* **WORK TO BE COMPLETED**: What follows is data; output all of it exactly as given.

* **INPUT MATERIAL**:

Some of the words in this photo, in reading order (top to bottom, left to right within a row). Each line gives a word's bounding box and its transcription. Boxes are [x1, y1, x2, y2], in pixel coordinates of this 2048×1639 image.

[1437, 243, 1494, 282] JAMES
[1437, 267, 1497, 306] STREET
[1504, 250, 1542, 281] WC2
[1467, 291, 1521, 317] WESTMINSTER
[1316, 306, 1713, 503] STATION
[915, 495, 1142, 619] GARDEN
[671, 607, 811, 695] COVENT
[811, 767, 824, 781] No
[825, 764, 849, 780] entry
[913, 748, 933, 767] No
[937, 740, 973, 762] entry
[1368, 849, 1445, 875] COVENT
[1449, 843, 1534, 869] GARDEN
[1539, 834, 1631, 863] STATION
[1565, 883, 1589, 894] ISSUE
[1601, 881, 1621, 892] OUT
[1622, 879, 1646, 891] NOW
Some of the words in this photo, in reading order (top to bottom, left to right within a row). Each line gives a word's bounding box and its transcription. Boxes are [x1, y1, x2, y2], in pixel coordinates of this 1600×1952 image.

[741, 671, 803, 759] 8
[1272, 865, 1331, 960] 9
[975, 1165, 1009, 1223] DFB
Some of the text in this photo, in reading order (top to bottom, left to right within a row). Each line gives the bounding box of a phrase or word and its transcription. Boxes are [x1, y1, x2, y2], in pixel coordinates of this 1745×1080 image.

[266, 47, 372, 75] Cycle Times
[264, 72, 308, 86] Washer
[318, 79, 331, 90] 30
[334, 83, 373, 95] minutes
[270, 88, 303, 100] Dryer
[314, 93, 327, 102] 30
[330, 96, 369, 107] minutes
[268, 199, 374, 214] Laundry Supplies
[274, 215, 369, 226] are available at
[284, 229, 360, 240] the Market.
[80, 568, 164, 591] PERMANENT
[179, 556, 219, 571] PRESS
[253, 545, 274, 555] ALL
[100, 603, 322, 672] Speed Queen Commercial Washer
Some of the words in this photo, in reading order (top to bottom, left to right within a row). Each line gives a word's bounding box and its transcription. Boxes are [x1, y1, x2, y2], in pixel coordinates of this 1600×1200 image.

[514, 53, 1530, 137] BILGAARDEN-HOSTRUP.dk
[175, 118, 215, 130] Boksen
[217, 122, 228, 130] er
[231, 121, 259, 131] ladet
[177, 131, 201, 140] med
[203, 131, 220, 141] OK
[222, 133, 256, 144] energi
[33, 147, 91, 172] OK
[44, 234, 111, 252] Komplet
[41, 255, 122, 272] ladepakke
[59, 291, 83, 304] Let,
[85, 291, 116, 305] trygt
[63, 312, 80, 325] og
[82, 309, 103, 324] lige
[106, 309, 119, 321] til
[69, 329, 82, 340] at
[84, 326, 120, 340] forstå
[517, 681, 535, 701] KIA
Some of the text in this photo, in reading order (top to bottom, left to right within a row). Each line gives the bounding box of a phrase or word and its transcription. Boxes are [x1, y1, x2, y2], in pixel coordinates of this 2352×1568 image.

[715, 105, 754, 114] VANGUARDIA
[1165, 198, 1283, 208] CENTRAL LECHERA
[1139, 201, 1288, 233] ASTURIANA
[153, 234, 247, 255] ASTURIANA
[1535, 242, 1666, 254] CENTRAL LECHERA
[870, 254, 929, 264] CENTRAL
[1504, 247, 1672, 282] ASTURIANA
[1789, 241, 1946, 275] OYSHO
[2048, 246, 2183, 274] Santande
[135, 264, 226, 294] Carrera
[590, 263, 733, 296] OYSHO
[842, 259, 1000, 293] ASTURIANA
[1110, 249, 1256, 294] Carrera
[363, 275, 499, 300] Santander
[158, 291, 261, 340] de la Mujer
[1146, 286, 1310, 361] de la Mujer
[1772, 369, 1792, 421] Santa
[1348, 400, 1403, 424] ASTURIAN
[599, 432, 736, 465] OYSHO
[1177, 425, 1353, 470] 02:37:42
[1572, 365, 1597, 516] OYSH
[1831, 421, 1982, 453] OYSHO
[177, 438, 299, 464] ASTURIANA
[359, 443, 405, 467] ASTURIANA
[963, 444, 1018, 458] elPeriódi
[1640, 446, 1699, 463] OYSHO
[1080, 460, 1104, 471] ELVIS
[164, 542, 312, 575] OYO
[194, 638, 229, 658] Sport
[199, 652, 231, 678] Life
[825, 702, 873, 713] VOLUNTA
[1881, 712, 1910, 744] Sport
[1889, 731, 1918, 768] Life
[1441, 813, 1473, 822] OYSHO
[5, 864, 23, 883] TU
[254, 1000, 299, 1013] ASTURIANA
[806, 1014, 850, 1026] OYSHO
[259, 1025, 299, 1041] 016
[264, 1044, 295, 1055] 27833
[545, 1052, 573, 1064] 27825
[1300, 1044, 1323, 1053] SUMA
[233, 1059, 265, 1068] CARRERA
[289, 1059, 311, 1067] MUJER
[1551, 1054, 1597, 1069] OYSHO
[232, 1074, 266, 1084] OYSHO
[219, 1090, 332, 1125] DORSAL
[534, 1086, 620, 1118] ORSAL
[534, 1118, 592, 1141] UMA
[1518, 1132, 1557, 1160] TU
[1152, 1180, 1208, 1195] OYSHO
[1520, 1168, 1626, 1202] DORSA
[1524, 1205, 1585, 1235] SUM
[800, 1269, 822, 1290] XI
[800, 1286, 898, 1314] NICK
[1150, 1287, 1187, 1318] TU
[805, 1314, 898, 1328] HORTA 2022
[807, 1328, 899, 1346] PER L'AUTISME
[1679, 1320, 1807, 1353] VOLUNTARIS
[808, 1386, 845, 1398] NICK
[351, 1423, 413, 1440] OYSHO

* **WRITTEN ANSWER**:
Some of the words in this photo, in reading order (top to bottom, left to right within a row). Each line gives a word's bounding box and its transcription. Boxes are [x1, y1, x2, y2], in pixel coordinates of this 2048×1639 image.

[1437, 243, 1494, 282] JAMES
[1437, 267, 1497, 306] STREET
[1504, 250, 1542, 281] WC2
[1467, 291, 1521, 317] WESTMINSTER
[1316, 306, 1713, 503] STATION
[915, 495, 1142, 619] GARDEN
[671, 607, 811, 695] COVENT
[811, 767, 824, 781] No
[825, 764, 849, 780] entry
[913, 748, 933, 767] No
[937, 740, 973, 762] entry
[1368, 849, 1445, 875] COVENT
[1449, 843, 1534, 869] GARDEN
[1539, 834, 1631, 863] STATION
[1565, 883, 1589, 894] ISSUE
[1601, 881, 1621, 892] OUT
[1622, 879, 1646, 891] NOW
Some of the words in this photo, in reading order (top to bottom, left to right within a row). Each line gives a word's bounding box and its transcription. Boxes are [x1, y1, x2, y2], in pixel coordinates of this 1600×1952 image.

[741, 671, 803, 759] 8
[1272, 865, 1331, 960] 9
[975, 1165, 1009, 1223] DFB
Some of the text in this photo, in reading order (top to bottom, left to right within a row). Each line gives the bounding box of a phrase or word and its transcription. Boxes are [x1, y1, x2, y2], in pixel coordinates of this 1745×1080 image.

[266, 47, 372, 75] Cycle Times
[264, 72, 308, 86] Washer
[318, 79, 331, 90] 30
[334, 83, 373, 95] minutes
[270, 88, 303, 100] Dryer
[314, 93, 327, 102] 30
[330, 96, 369, 107] minutes
[268, 199, 374, 214] Laundry Supplies
[274, 215, 369, 226] are available at
[284, 229, 360, 240] the Market.
[80, 568, 164, 591] PERMANENT
[179, 556, 219, 571] PRESS
[253, 545, 274, 555] ALL
[100, 603, 322, 672] Speed Queen Commercial Washer
Some of the words in this photo, in reading order (top to bottom, left to right within a row). Each line gives a word's bounding box and its transcription. Boxes are [x1, y1, x2, y2], in pixel coordinates of this 1600×1200 image.

[514, 53, 1530, 137] BILGAARDEN-HOSTRUP.dk
[175, 118, 215, 130] Boksen
[217, 122, 228, 130] er
[231, 121, 259, 131] ladet
[177, 131, 201, 140] med
[203, 131, 220, 141] OK
[222, 133, 256, 144] energi
[33, 147, 91, 172] OK
[44, 234, 111, 252] Komplet
[41, 255, 122, 272] ladepakke
[59, 291, 83, 304] Let,
[85, 291, 116, 305] trygt
[63, 312, 80, 325] og
[82, 309, 103, 324] lige
[106, 309, 119, 321] til
[69, 329, 82, 340] at
[84, 326, 120, 340] forstå
[517, 681, 535, 701] KIA
Some of the text in this photo, in reading order (top to bottom, left to right within a row). Each line gives the bounding box of a phrase or word and its transcription. Boxes are [x1, y1, x2, y2], in pixel coordinates of this 2352×1568 image.

[715, 105, 754, 114] VANGUARDIA
[1165, 198, 1283, 208] CENTRAL LECHERA
[1139, 201, 1288, 233] ASTURIANA
[153, 234, 247, 255] ASTURIANA
[1535, 242, 1666, 254] CENTRAL LECHERA
[870, 254, 929, 264] CENTRAL
[1504, 247, 1672, 282] ASTURIANA
[1789, 241, 1946, 275] OYSHO
[2048, 246, 2183, 274] Santande
[135, 264, 226, 294] Carrera
[590, 263, 733, 296] OYSHO
[842, 259, 1000, 293] ASTURIANA
[1110, 249, 1256, 294] Carrera
[363, 275, 499, 300] Santander
[158, 291, 261, 340] de la Mujer
[1146, 286, 1310, 361] de la Mujer
[1772, 369, 1792, 421] Santa
[1348, 400, 1403, 424] ASTURIAN
[599, 432, 736, 465] OYSHO
[1177, 425, 1353, 470] 02:37:42
[1572, 365, 1597, 516] OYSH
[1831, 421, 1982, 453] OYSHO
[177, 438, 299, 464] ASTURIANA
[359, 443, 405, 467] ASTURIANA
[963, 444, 1018, 458] elPeriódi
[1640, 446, 1699, 463] OYSHO
[1080, 460, 1104, 471] ELVIS
[164, 542, 312, 575] OYO
[194, 638, 229, 658] Sport
[199, 652, 231, 678] Life
[825, 702, 873, 713] VOLUNTA
[1881, 712, 1910, 744] Sport
[1889, 731, 1918, 768] Life
[1441, 813, 1473, 822] OYSHO
[5, 864, 23, 883] TU
[254, 1000, 299, 1013] ASTURIANA
[806, 1014, 850, 1026] OYSHO
[259, 1025, 299, 1041] 016
[264, 1044, 295, 1055] 27833
[545, 1052, 573, 1064] 27825
[1300, 1044, 1323, 1053] SUMA
[233, 1059, 265, 1068] CARRERA
[289, 1059, 311, 1067] MUJER
[1551, 1054, 1597, 1069] OYSHO
[232, 1074, 266, 1084] OYSHO
[219, 1090, 332, 1125] DORSAL
[534, 1086, 620, 1118] ORSAL
[534, 1118, 592, 1141] UMA
[1518, 1132, 1557, 1160] TU
[1152, 1180, 1208, 1195] OYSHO
[1520, 1168, 1626, 1202] DORSA
[1524, 1205, 1585, 1235] SUM
[800, 1269, 822, 1290] XI
[800, 1286, 898, 1314] NICK
[1150, 1287, 1187, 1318] TU
[805, 1314, 898, 1328] HORTA 2022
[807, 1328, 899, 1346] PER L'AUTISME
[1679, 1320, 1807, 1353] VOLUNTARIS
[808, 1386, 845, 1398] NICK
[351, 1423, 413, 1440] OYSHO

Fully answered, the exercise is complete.